Movement behavior of residual oil droplets and CO2: insights from molecular dynamics simulations

After primary and secondary recovery of tight reservoirs, it becomes increasingly challenging to recover the remaining oil. Therefore, improving the recovery of the remaining oil is of great importance. Herein, molecular dynamics simulation (MD) of residual oil droplet movement behavior under CO2 displacement was conducted in a silica nanopores model. In this research, the movement behavior of CO2 in contact with residual oil droplets under different temperatures was analyzed, and the distribution of molecules number of CO2 and residual oil droplets was investigated. Then, the changes in pressure, kinetic energy, potential energy, van der Waals' force, Coulomb energy, long-range Coulomb potential, bond energy, and angular energy with time in the system after the contact between CO2 and residual oil droplets were studied. At last, the g(r) distribution of CO2–CO2, CO2-oil molecules, and oil molecules-oil molecules at different temperatures was deliberated. According to the results, the diffusion of CO2 can destroy residual oil droplets formed by the n-nonane and simultaneously peel off the n-nonane molecules that attach to SiO2 and graphene nanosheets (GN). The cutoff radius r of the CO2–CO2 is approximately 0.255 nm and that of the C–CO2 is 0.285 nm. The atomic force between CO2 and CO2 is relatively stronger.
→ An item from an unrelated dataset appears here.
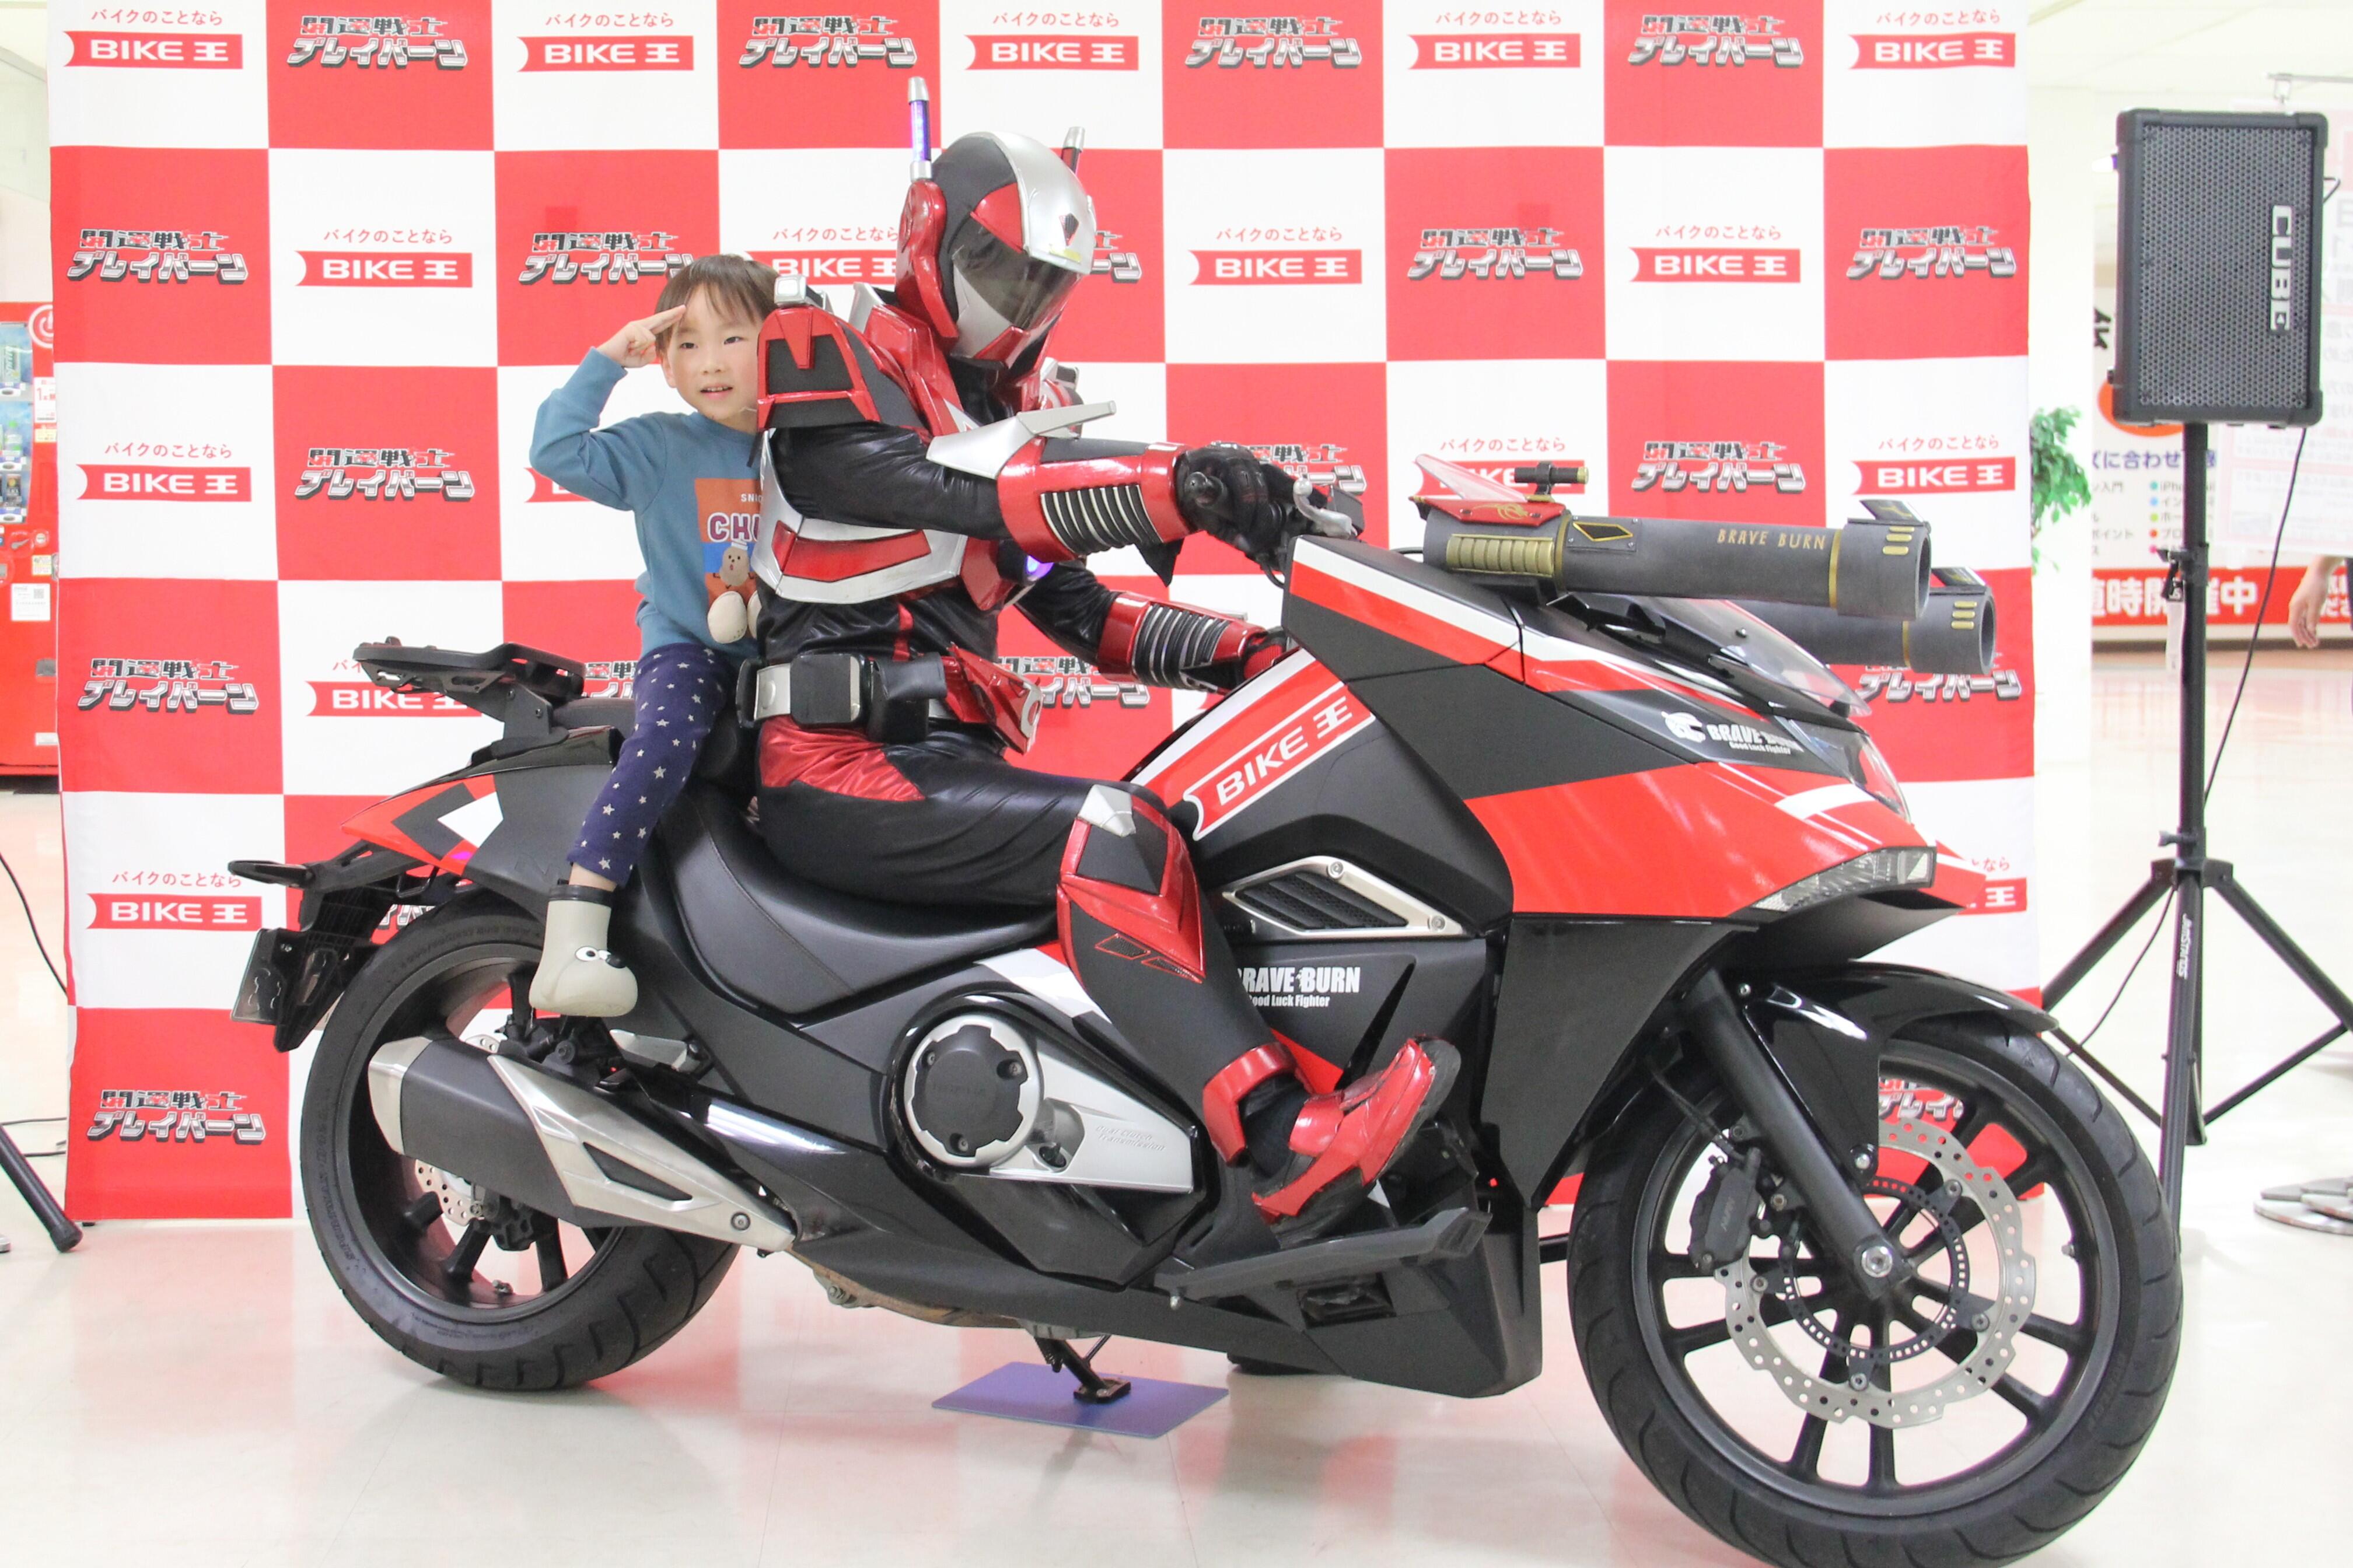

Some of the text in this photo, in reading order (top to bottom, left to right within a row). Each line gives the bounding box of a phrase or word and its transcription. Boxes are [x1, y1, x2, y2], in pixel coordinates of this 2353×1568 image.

There is little effect caused by changing temperature on the radius where the maximum peak occurs in the radial distribution function (RDF)-g(r) of CO2–CO2 and C–CO2. The maximum peak of g(r) distribution of the CO2–CO2 in the system declines first and then rises with increasing temperature, while that of g(r) distribution of C–CO2 changes in the opposite way. At different temperatures, after the peak of g(r), its curve decreases with the increase in radius. The coordination number around C9H20 decreases, and the distribution of C9H20 becomes loose.